Unfortunately, many readers also found online avenues to reverse shame the author herself — calling her “an asshole,” a “bitch,” a “narcissist,” a “sociopath,” and “immoral.” As the online response escalated, some began screenshotting and sharing deleted Twitter conversations after the author blocked some of those engaging with her. Commenters on the online article went after not only the author, but each other, with accusations of cruelty and a lack of empathy on one side and a thin-skinned inability to take a joke or understand satire on the other.
In other words, things got very personal and very nasty very quickly. And then they got worse.
By the day’s end — following the snowball effect of a full day of link sharing and social-media discussion centered around the original satirical letter — one of these very real readers wrote a not-at-all funny message to the letter’s very real author, threatening her with violence.
If this is a story about professors, academic culture, or the effects of social media, then it is not one with a happy ending. If it is a parable about the same, then it is perhaps one lacking a positive moral. If it is representative of how educated and otherwise careful readers react to something they find provocative or unsavory, then we should all be more than a little worried.
By the close of last week, the various readings and interpretations of Shannon Reed’s short piece of satire had all but congealed around two poles. Readers either:
- Agreed that the piece had an underlying intent or was reflective of “student-shaming culture.” These readers often found the piece “cruel” or “mean-spirited” and sometimes charged that the author, as an educator, “should have known better.” They called for The Chronicle to take it down and for the author to apologize for hurting students or to “explain herself.” Under this reading, any piece that “punched down” or attacked students — even fictional ones — should never be written and/or published in a venue devoted to education. Anyone who supported its publication was deemed “complicit in student-shaming culture.”
- Agreed the letter was satire and found it devoid of any of the larger meanings being assigned to it. Some in this camp found the satire funny; some didn’t. Regardless, they saw it as “just satire” or “harmless humor.” They supported the author’s right to publish it and called for the piece to be put back into its original context as fiction and humor. This camp viewed people who denounced the letter as academics who either had an “ax to grind” against the academy or were indulging in self-promotional virtue signaling to show themselves as “good” or “caring” professors/people. At the far end of this spectrum were calls for people reading it another way to “lighten up” or “get a sense of humor.”

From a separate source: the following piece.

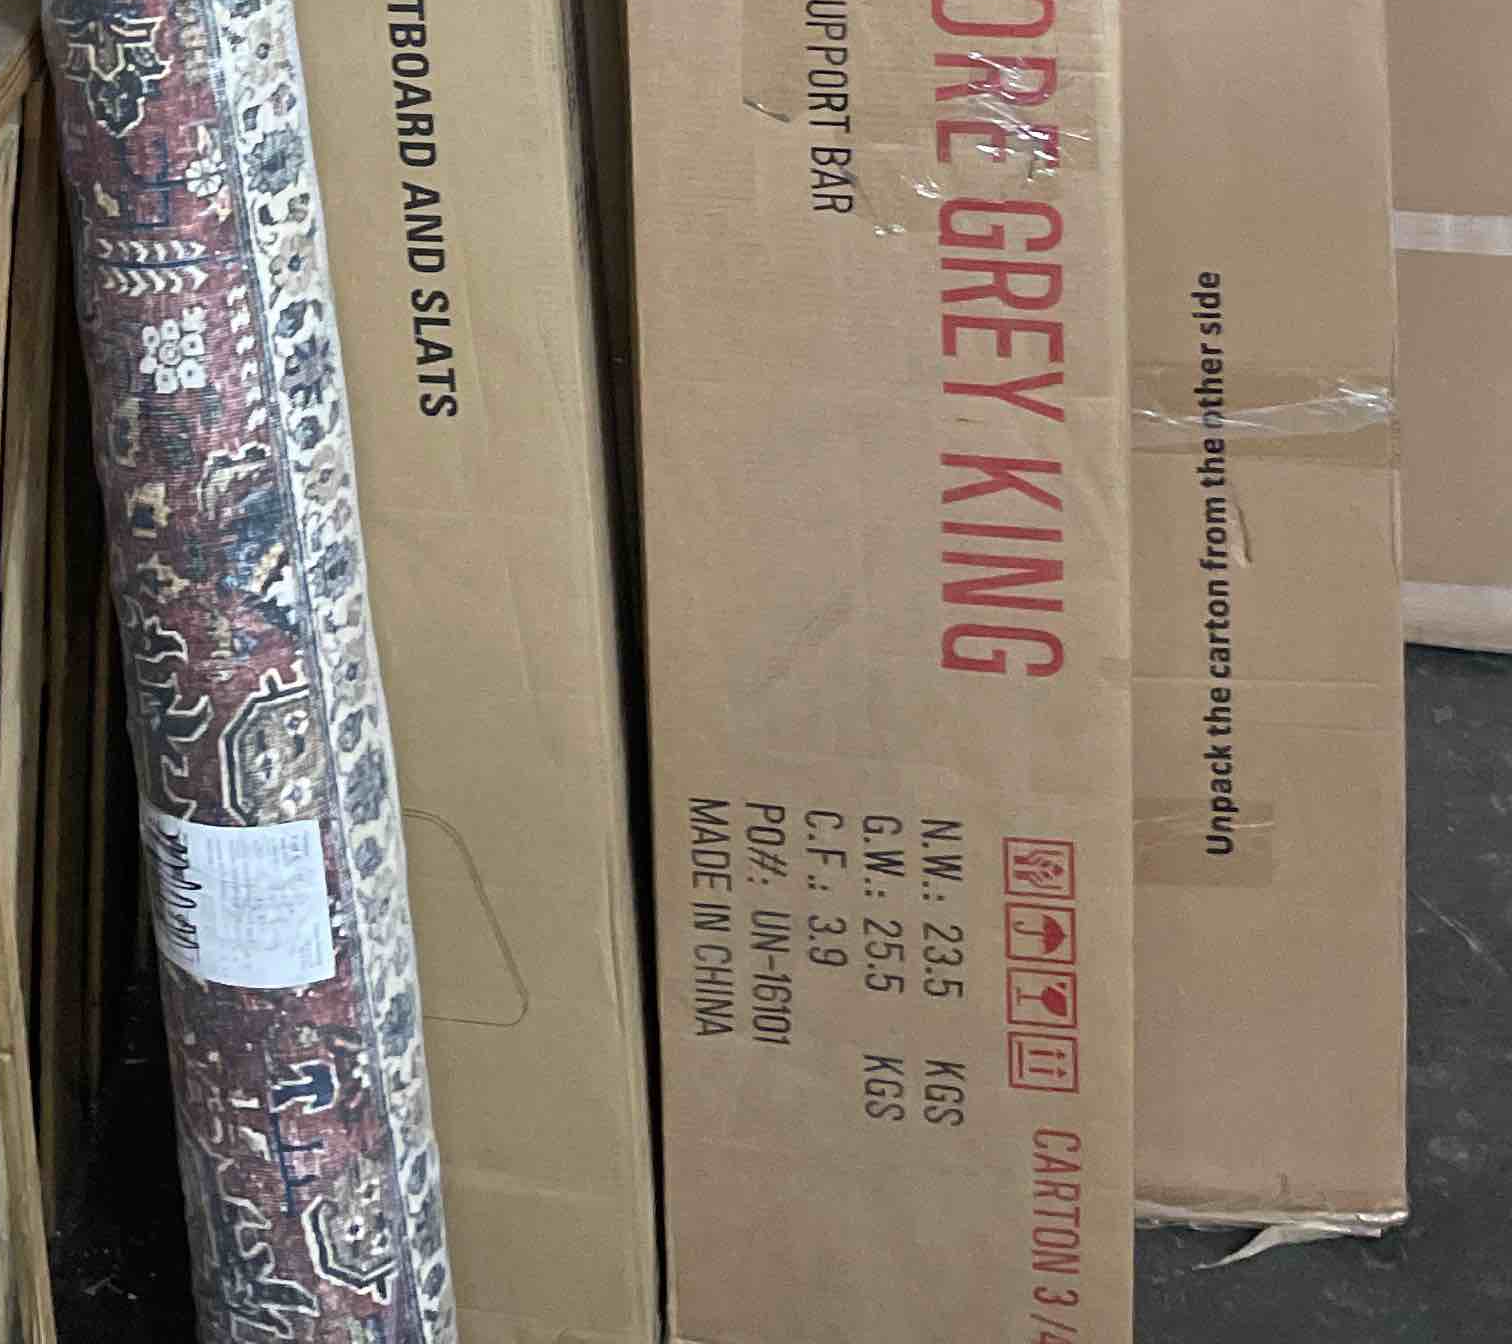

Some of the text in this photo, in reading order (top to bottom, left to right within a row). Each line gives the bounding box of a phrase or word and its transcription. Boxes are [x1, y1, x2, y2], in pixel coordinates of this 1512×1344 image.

As a writer and a professor, I watched these artificial — and quite simplistic and restrictive — categories develop, and found myself increasingly baffled. I, too, had an emotional reaction. Not to the text itself, but to its various interpretations. I started to ask a series of questions that increasingly troubled me as the day wore on:
Weren’t we — as people specifically trained to read critically, research thoroughly, and gather facts — supposed to know how to distinguish fiction from fact, satire from reality? Weren’t we supposed to engage in mediated and nuanced conversations about controversial subjects? What caused such an outpouring of ire to be directed at a woman who is a known humor writer (with countless bylines at The New Yorker and McSweeney’s Internet Tendency) with near-perfect student evaluations (at least those visible on the notoriously cranky RateMyProfessor.com)? Why hadn’t people read her other work and put her Chronicle piece in that context? How had a piece of satirical humor morphed into a very real debate about empathy for students?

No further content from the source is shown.